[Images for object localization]
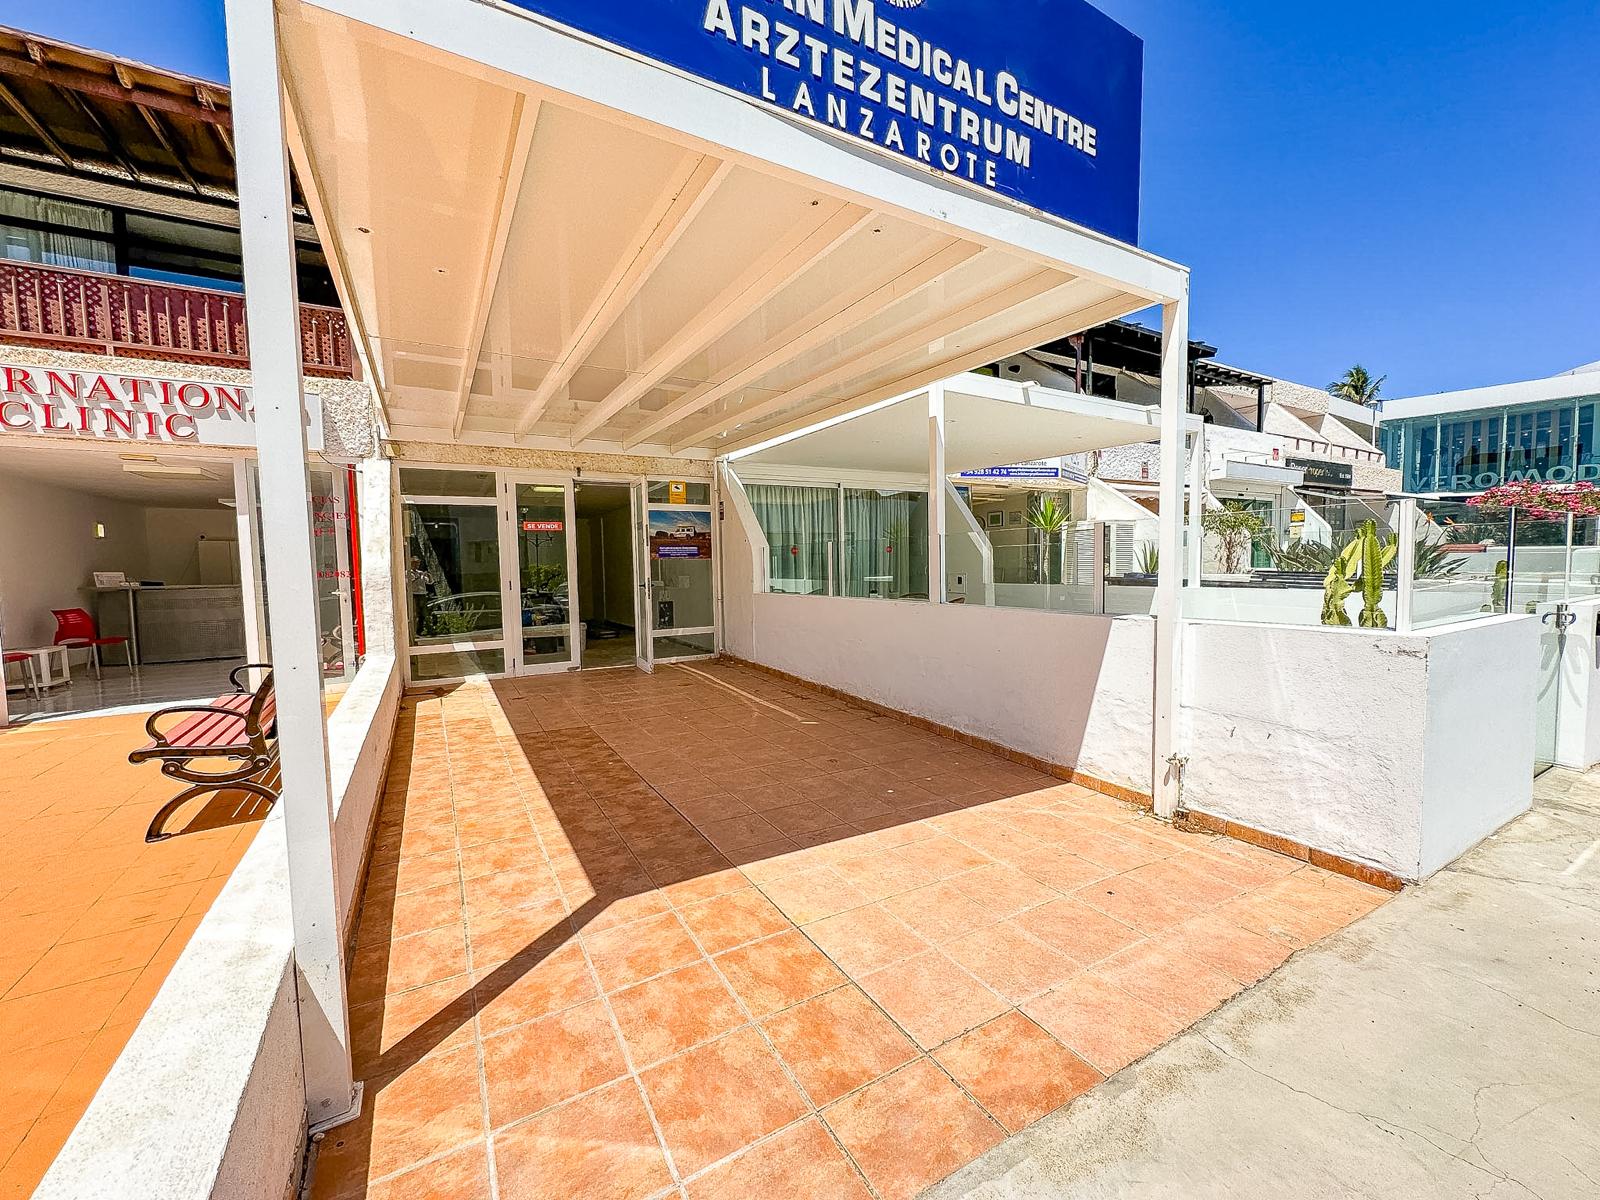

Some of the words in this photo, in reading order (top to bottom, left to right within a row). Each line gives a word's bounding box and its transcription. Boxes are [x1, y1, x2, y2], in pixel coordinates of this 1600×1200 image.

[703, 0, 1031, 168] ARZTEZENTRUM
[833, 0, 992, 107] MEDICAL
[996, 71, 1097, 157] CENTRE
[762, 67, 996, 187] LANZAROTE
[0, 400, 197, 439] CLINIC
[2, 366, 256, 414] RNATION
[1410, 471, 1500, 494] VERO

TASK DESCRIPTION -
Before duplicating the entries above, strip out the pictures and keep the rest exact.

RESPONSE -
Some of the words in this photo, in reading order (top to bottom, left to right within a row). Each line gives a word's bounding box and its transcription. Boxes are [x1, y1, x2, y2], in pixel coordinates of this 1600×1200 image.

[703, 0, 1031, 168] ARZTEZENTRUM
[833, 0, 992, 107] MEDICAL
[996, 71, 1097, 157] CENTRE
[762, 67, 996, 187] LANZAROTE
[0, 400, 197, 439] CLINIC
[2, 366, 256, 414] RNATION
[1410, 471, 1500, 494] VERO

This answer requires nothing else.